(Items listed in a dataset)
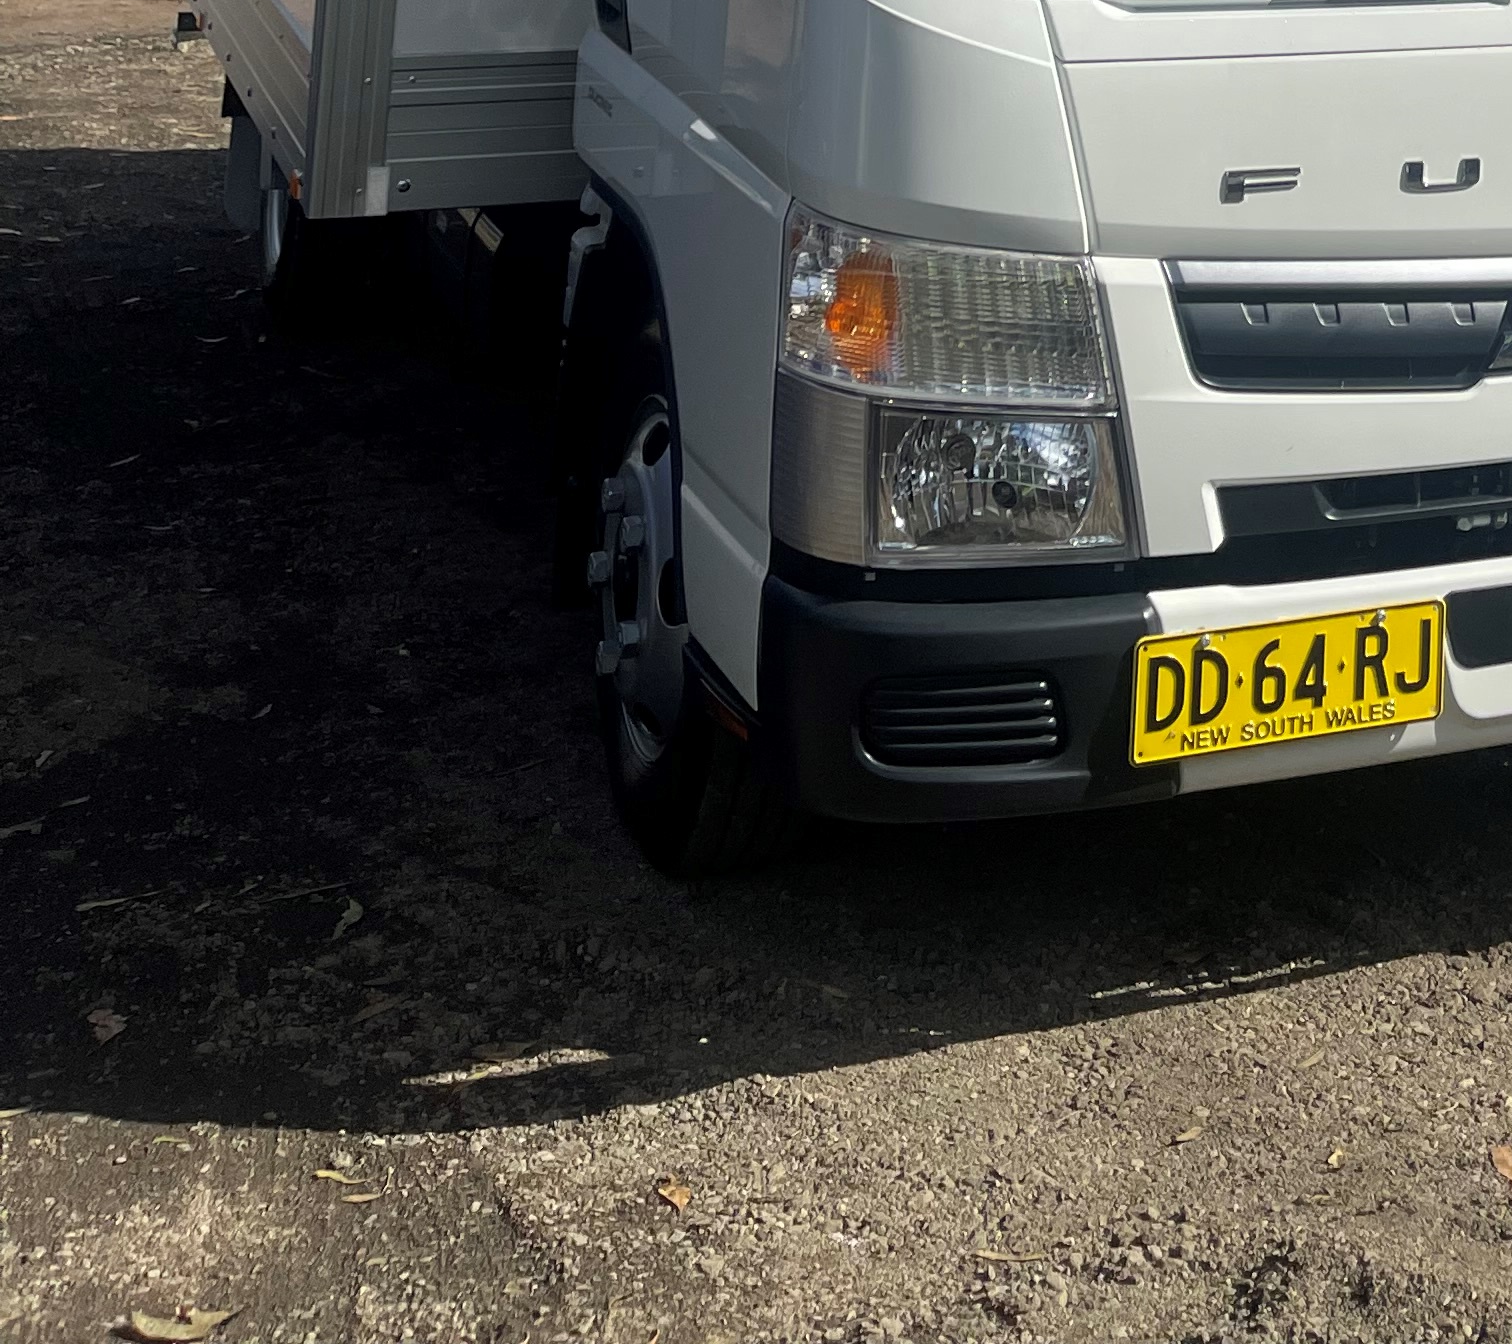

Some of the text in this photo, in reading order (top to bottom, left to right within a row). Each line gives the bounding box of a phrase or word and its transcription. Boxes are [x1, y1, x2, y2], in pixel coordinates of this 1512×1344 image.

[1180, 699, 1396, 752] NEW SOUTH WALES
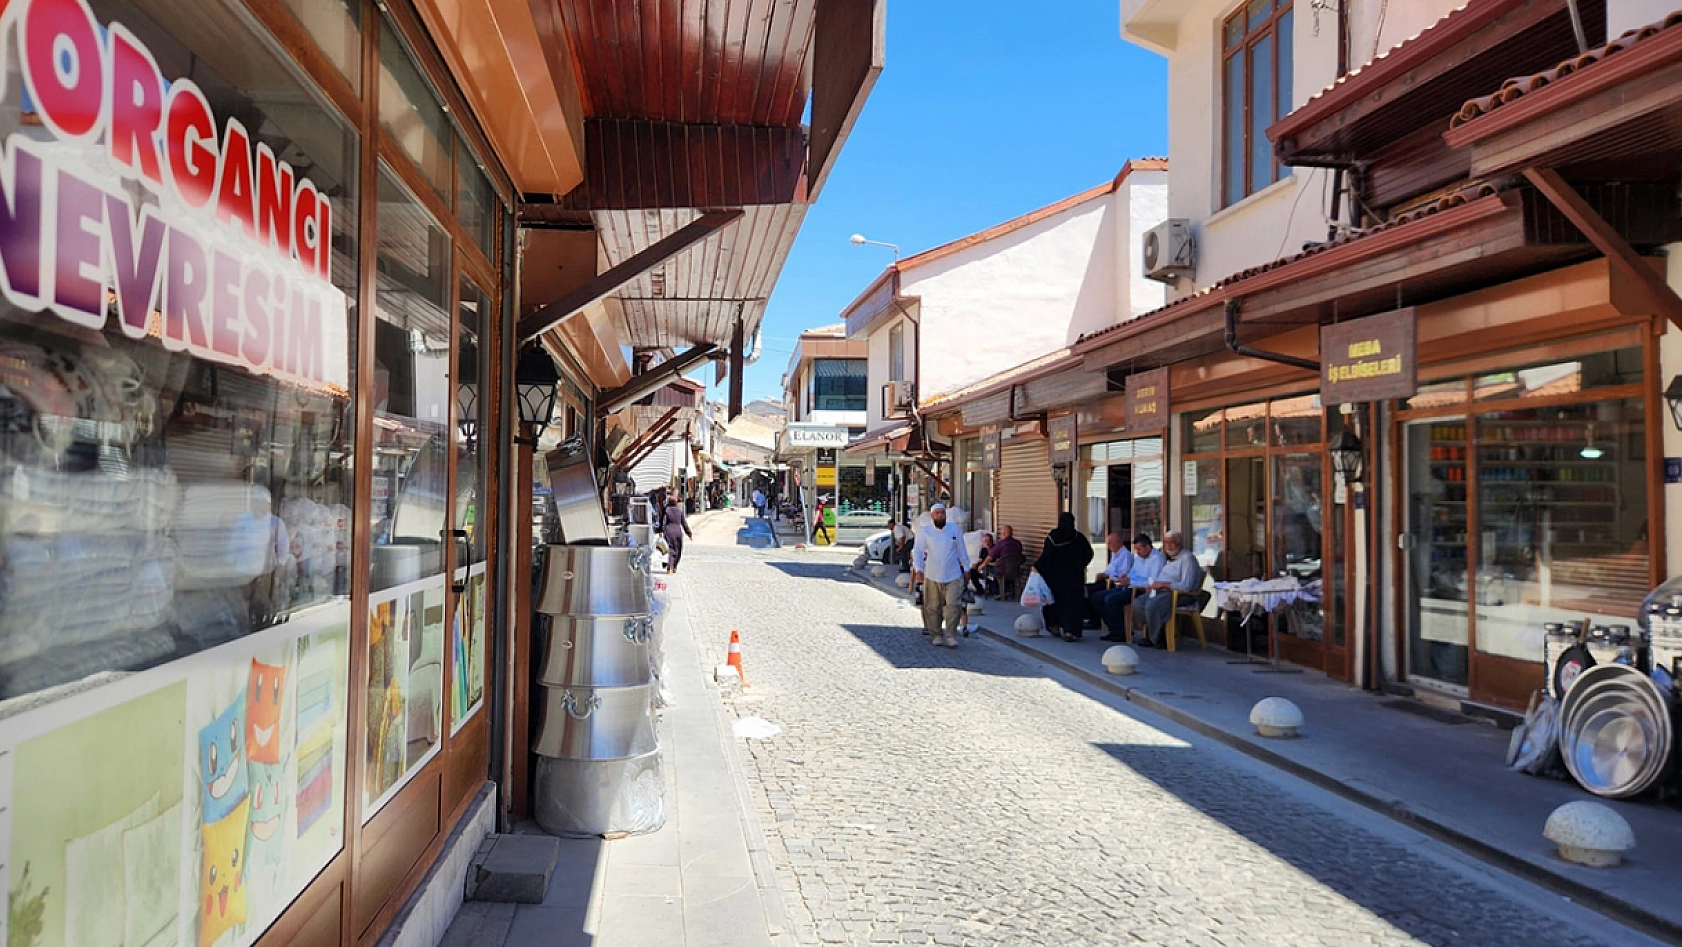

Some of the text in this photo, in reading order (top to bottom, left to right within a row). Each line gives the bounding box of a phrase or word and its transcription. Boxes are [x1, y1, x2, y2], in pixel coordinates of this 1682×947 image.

[0, 0, 330, 283] ORGANCI
[1347, 338, 1381, 359] MEBA
[793, 430, 844, 443] ELANOR

● WHAT THE TASK ASKS
Set down no line except those from the one with "this 1682×947 image." to the last line of the data, inclusive, each exactly as written.

● SOLUTION TO THIS PROBLEM
Some of the text in this photo, in reading order (top to bottom, left to right within a row). Each line gives the bounding box of a phrase or word and its transcription. Boxes are [x1, y1, x2, y2], in pixel coordinates of this 1682×947 image.

[0, 0, 330, 283] ORGANCI
[1347, 338, 1381, 359] MEBA
[793, 430, 844, 443] ELANOR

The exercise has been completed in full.